Ворота не открылись, дальше они идти не могли и Шарп с Фредриксоном, тяжело дыша от бега с нагруженной весом Харпера телегой, только стояли и смотрели вверх на озадаченное лицо на стене.

Фредриксон что-то крикнул часовому по-французски, тот что-то ответил, а Харпер, опасаясь мушкетного выстрела, тяжело застонал. Кровь на его груди уже засохла коркой.

— Он спрашивает, — зашептал Фредриксон Шарпу, — не американцы ли мы.

— Да! — закричал Шарп. — Да, да.

— Ждите! — и голова часового исчезла.

Шарп повернулся и посмотрел на дорогу, идущую к мосту через гласис.
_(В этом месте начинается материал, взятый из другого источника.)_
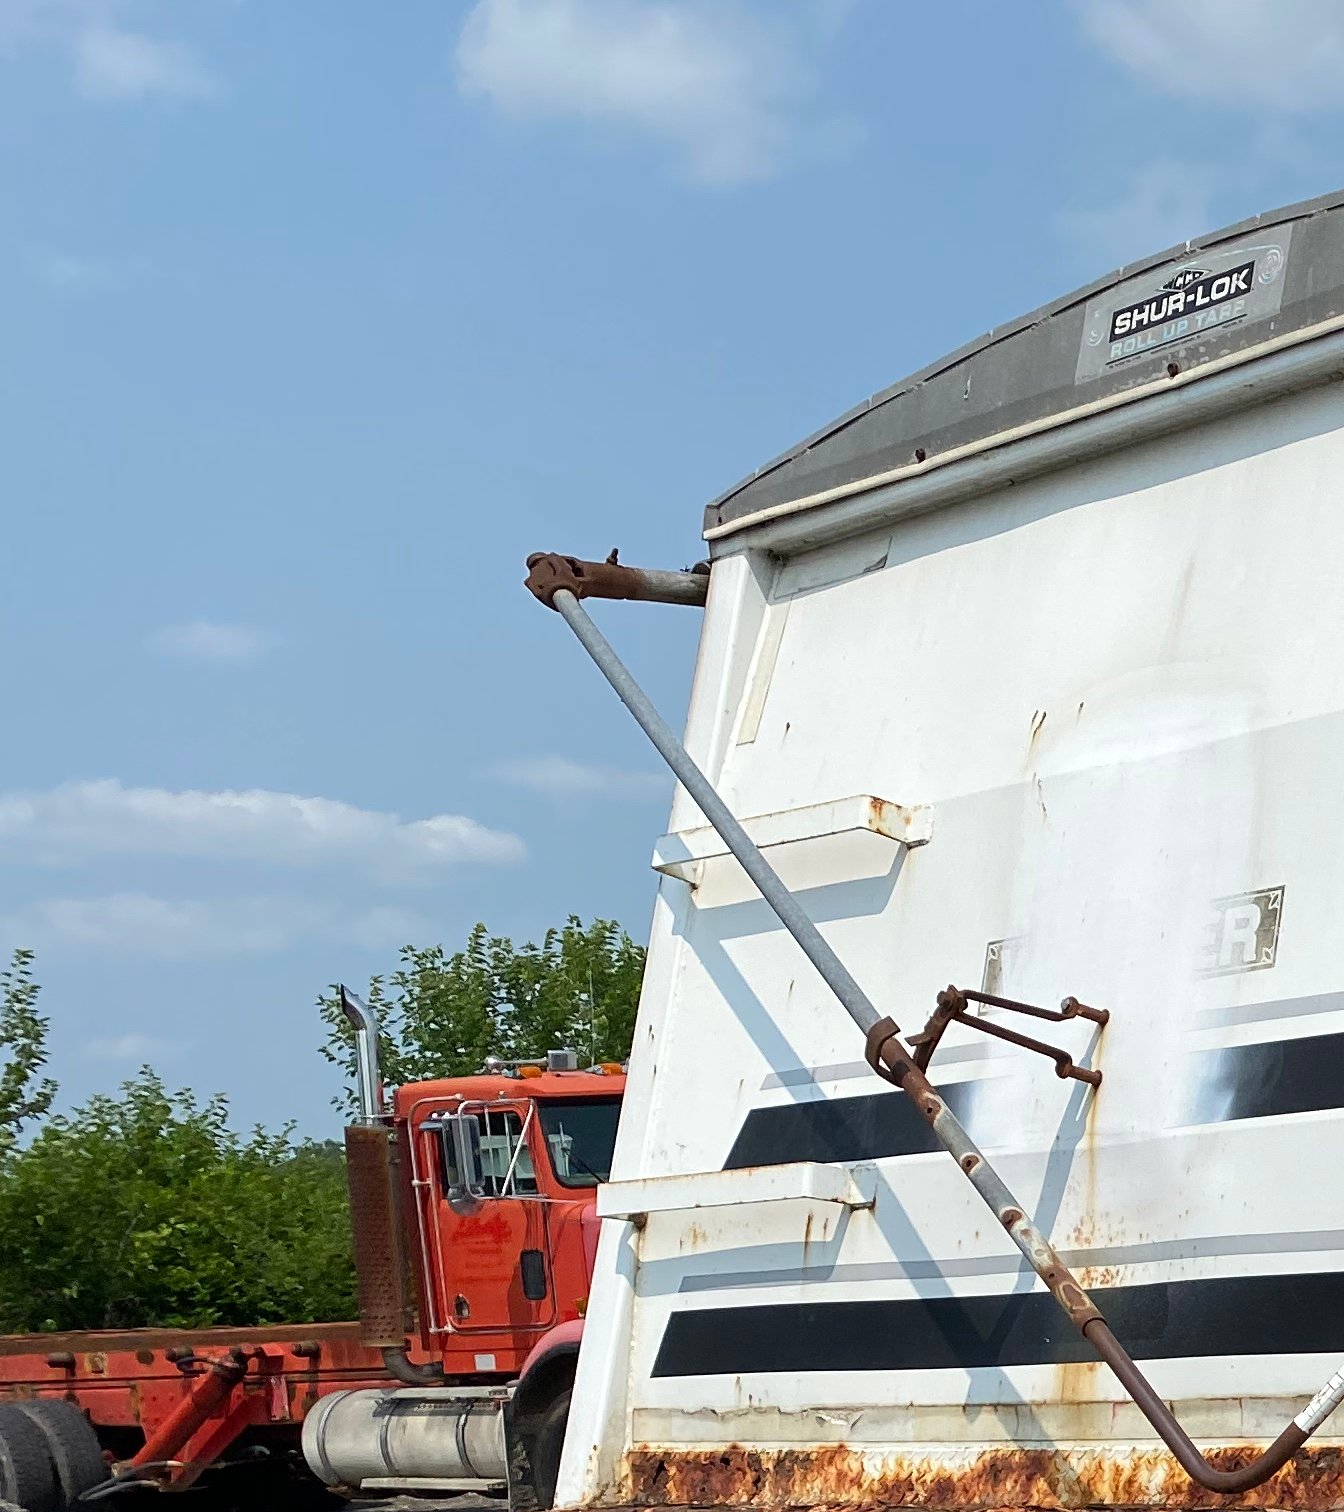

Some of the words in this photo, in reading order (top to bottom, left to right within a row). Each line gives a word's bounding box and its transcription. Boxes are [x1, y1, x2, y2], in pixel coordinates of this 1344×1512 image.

[1114, 268, 1250, 335] SHUR-LOK
[1110, 334, 1156, 360] ROLL
[1163, 319, 1189, 341] UP
Он вгляделся в то место, где возле деревьев стояли крестьяне, и среди елей угадывались передки орудий.

— Это американцы обслуживают пушки? — он тоже говорил шепотом.

Фредриксон пожал плечами.

— Может быть.

Шарп повернулся обратно, на деревянном мосту его сапоги издали глухой стук. Справа и слева был затопленный ров. Ров, наполняемый водой из мельничного ручейка казался мелким, но и он казался непреодолимым препятствием для того, кто собирается штурмовать крепостную стену.

Слева от Шарпа раздался громыхнули пушки, выплюнув пламя и дым в сторону фрегата, который уже позади Кап Ферра. Битва превратилась в дуэль на большой дистанции, капитан Грант дразнил форт и, вне всякого сомнения, проклинал морских пехотинцев за опоздание.

— Что там делает проклятый лягушатник? — шепотом прорычал Харпер.

— Видимо, пошел за офицером охраны? — высказал догадку Шарп. Харпер дрожал. Солнце на западе уже заходило, вечерний холод обещал ночной морозец, а ирландец был до пояса раздет.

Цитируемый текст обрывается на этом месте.